I want to go home

Vote early, vote often.

Omen? Maybe. When Sleepy Joe and Nasty Kamala took the stage in Delaware, KUNM was playing “The Sloop John B.”

Let me go home
Why don’t they let me go home
This is the worst trip I’ve ever been on

Worst. Trip. Ever.

There’s your ticket. It may not be progressives’ idea of Disneyland, but compared to “Pirates of Mar-a-Lago” it looks pretty Magic fuckin’ Kingdom to me.

So let’s take the ride. Biden-Harris 2020.

All in the family

“Albuquerque Journal, mister? Fresh from Santa Fe!”

I almost missed this in the hubbub over “Nasty” Kamala joining “Sleepy” Joe atop the Communist … pardon, Democratic Party ticket.

The Albuquerque Journal and The New Mexican have announced an agreement to print their publications in Santa Fe.

Both papers are family-owned, which is an honest-to-God miracle in the modern era. And their newsrooms will remain separate and independent.

The idea, of course, is to enhance efficiency. Just ask ’em:

Robin Martin, president of The New Mexican, and William P. Lang, president of the Journal, collaborated and determined the two production facilities, just 50 miles apart, could operate more efficiently as a single operation.

They obviously didn’t collaborate with a copy editor on that paragraph. But still, the point limps across.

And you don’t have to be a president to know what the word “efficiency” means: layoffs! As in up to 70 positions in Albuquerque.

So, come mid-October, when and if the snow flies, Duke City subscribers may be draining their second cup of joe — or even on lunch break — before the blat hits the driveway. But hey, that’s efficiency for you.

Extry, extry, readallaboudit!

Executive ordure

“Nah, that’s not chicken shit. That’s chicken salad. Enjoy!”

The U.S. Constitution is a poor defense against a ruthless huckster hellbent on selling snake oil to the rubes.

“No Money shall be drawn from the Treasury, but in Consequence of Appropriation made by Law. …”
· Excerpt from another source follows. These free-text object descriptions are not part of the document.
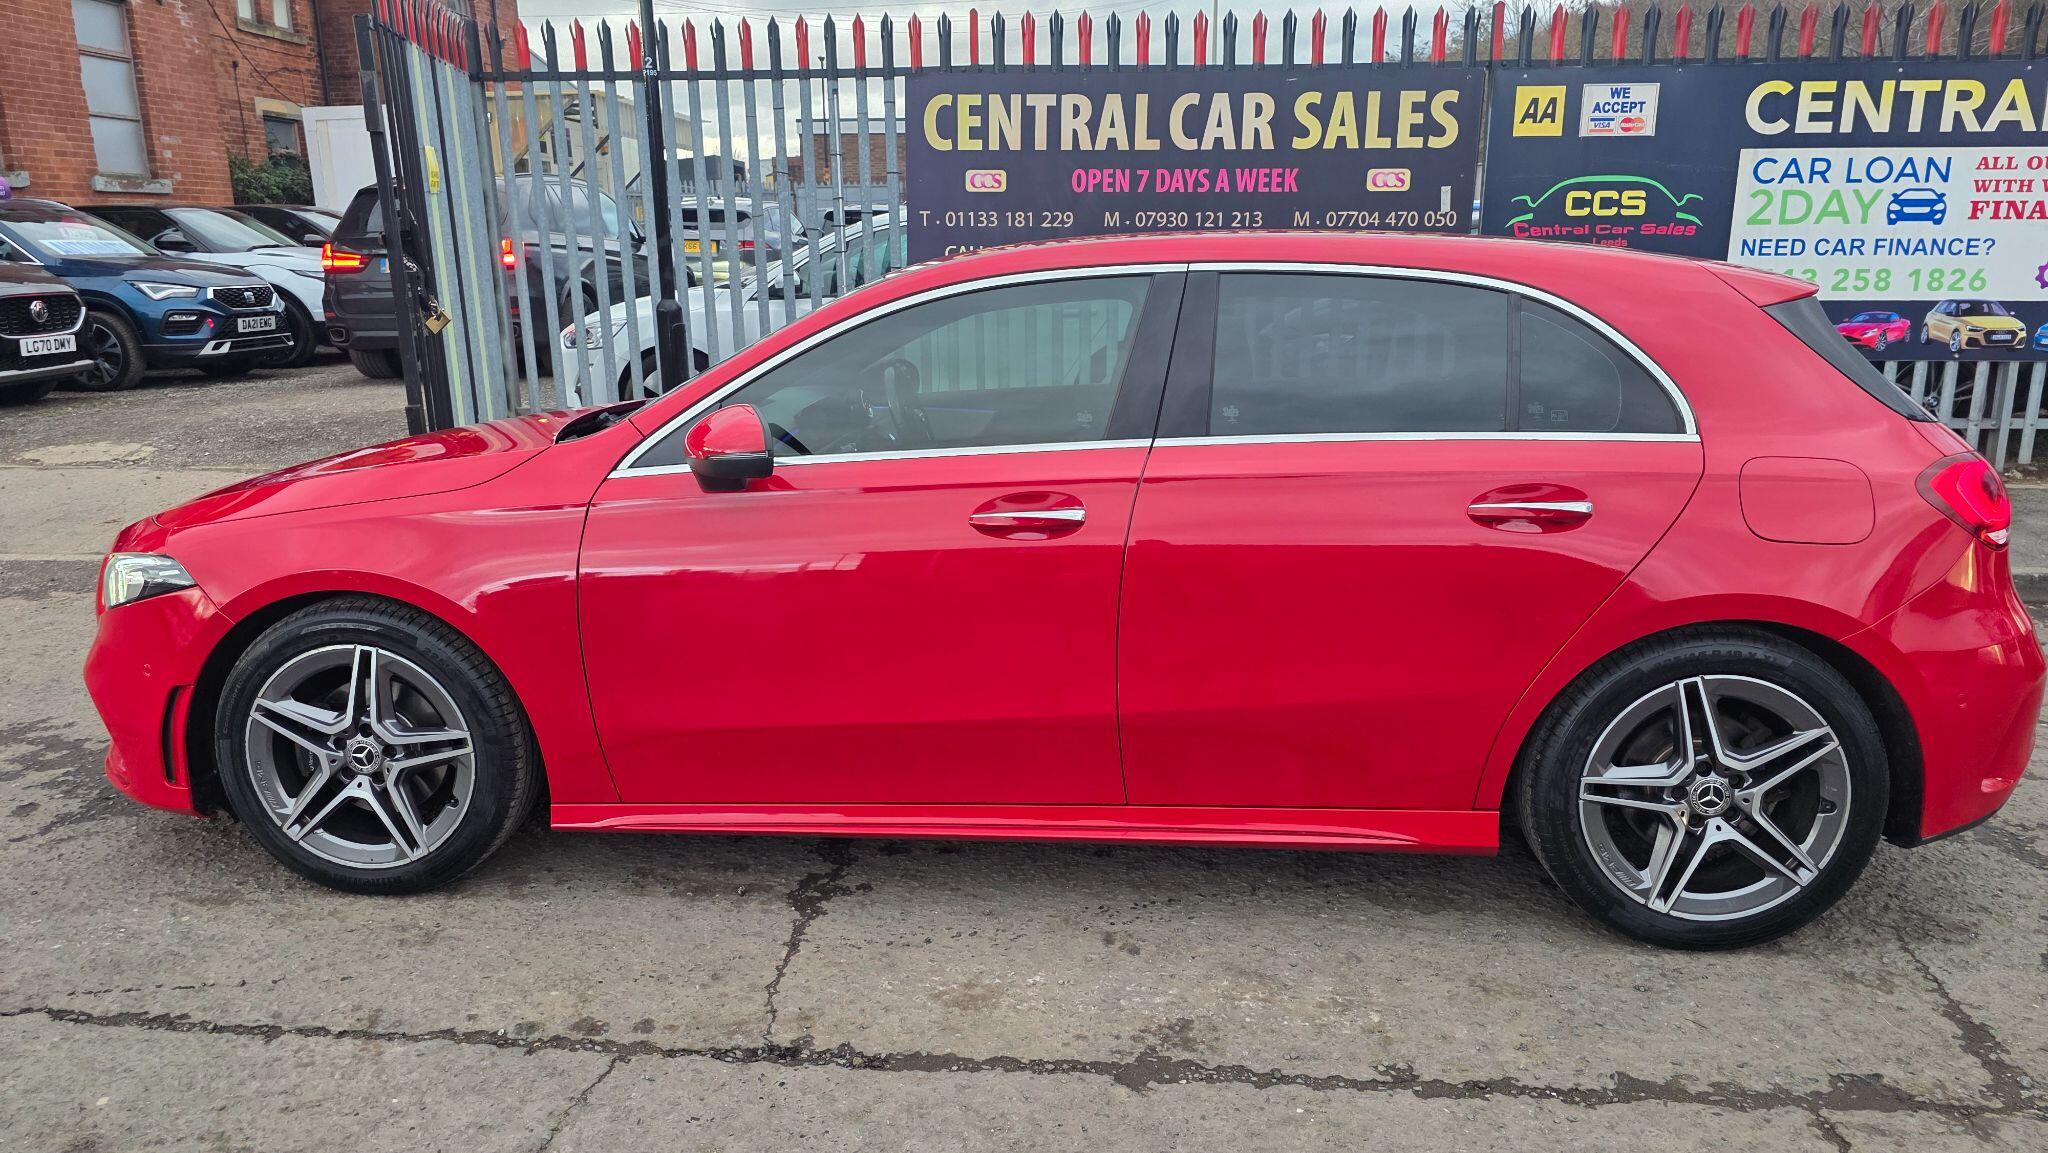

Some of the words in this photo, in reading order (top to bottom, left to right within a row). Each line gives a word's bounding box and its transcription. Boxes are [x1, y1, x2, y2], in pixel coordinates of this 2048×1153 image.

[645, 56, 653, 69] 2
[1610, 87, 1631, 99] WE
[1519, 97, 1558, 124] AA
[1592, 101, 1646, 114] ACCEPT
[1745, 78, 2048, 135] CENTRA
[923, 93, 1161, 151] CENTRAL
[1169, 92, 1275, 151] CAR
[1291, 89, 1460, 150] SALES
[1594, 121, 1611, 129] VISA
[1752, 157, 1832, 184] CAR
[1845, 156, 1953, 184] LOAN
[1975, 156, 2019, 170] ALL
[2027, 156, 2048, 170] O
[969, 173, 1003, 189] CCS
[1071, 168, 1130, 193] OPEN
[1137, 169, 1150, 193] 7
[1156, 168, 1210, 193] DAYS
[1215, 168, 1229, 193] A
[1235, 167, 1299, 193] WEEK
[1371, 172, 1406, 189] CCS
[1974, 179, 2035, 193] WITH
[1565, 190, 1647, 217] CCS
[1746, 188, 1884, 225] 2DAY
[945, 211, 998, 227] 01133
[1005, 211, 1033, 227] 181
[1040, 211, 1074, 228] 229
[1135, 211, 1188, 227] 07930
[1195, 211, 1223, 227] 121
[1231, 211, 1263, 227] 213
[1325, 211, 1380, 227] 07704
[1385, 211, 1419, 227] 470
[1424, 210, 1457, 227] 050
[1513, 222, 1590, 238] Central
[1595, 224, 1634, 235] Car
[1640, 222, 1697, 236] Sales
[1740, 238, 1806, 256] NEED
[1814, 238, 1865, 256] CAR
[1873, 238, 1996, 256] FINANCE?
[1831, 268, 1892, 292] 258
[1908, 267, 1987, 292] 1826
[242, 318, 258, 330] DA21
[26, 339, 52, 353] LG70
[54, 337, 71, 350] DMY
“Fuck you. Sue me. And guess who pays for the lawyers?”

My dogs are barking

Ordinarily if I’m enjoying this view it’s from the saddle of a bike,
not via shank’s mare.

Cycling has taken a back seat — actually, a garage hook — to hiking.
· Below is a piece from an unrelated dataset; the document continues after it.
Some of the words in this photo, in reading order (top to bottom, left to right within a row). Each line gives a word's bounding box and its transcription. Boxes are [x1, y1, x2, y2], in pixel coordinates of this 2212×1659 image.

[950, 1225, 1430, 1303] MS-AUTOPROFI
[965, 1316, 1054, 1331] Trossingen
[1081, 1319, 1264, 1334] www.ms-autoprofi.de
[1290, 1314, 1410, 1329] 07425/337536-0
I don’t know why. Yet here I am, having hiked 20 miles in the past few days.

It seemed like a good idea at the time. Until this afternoon, when the legs and feet feel a tad abused for some reason, as though they had been et by a coyote and shit off a cliff.

The last couple days I’ve been hiking trails that I used to ride before The Bug came to town. The change in perspective is interesting. I’ve spotted social trails that I never noticed from the saddle, plus a few old fencelines that make me glad I didn’t major in Stringing Fence Up Steep Slopes.
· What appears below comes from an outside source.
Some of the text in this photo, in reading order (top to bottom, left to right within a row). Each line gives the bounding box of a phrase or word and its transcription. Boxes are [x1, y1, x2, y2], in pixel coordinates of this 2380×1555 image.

Exploring an unfamiliar trail is a little easier because I don’t have to put a foot down and mumble, “Oh, shit, can’t ride that.”

Also, bits I’ve historically been unable to ride? I look at them on foot and think, “Why can’t I ride that?”

Dodging the clueless is likewise simpler. Almost nobody seems grounded in trail etiquette these days, or even schooled in the concept of a shared public space, so I just step aside and wave the dummies on.

What the hell? The world is full of dummies, and worse than dummies, too. You can’t clout them all with your hiking stick. Or you shouldn’t, anyway. You might break your stick.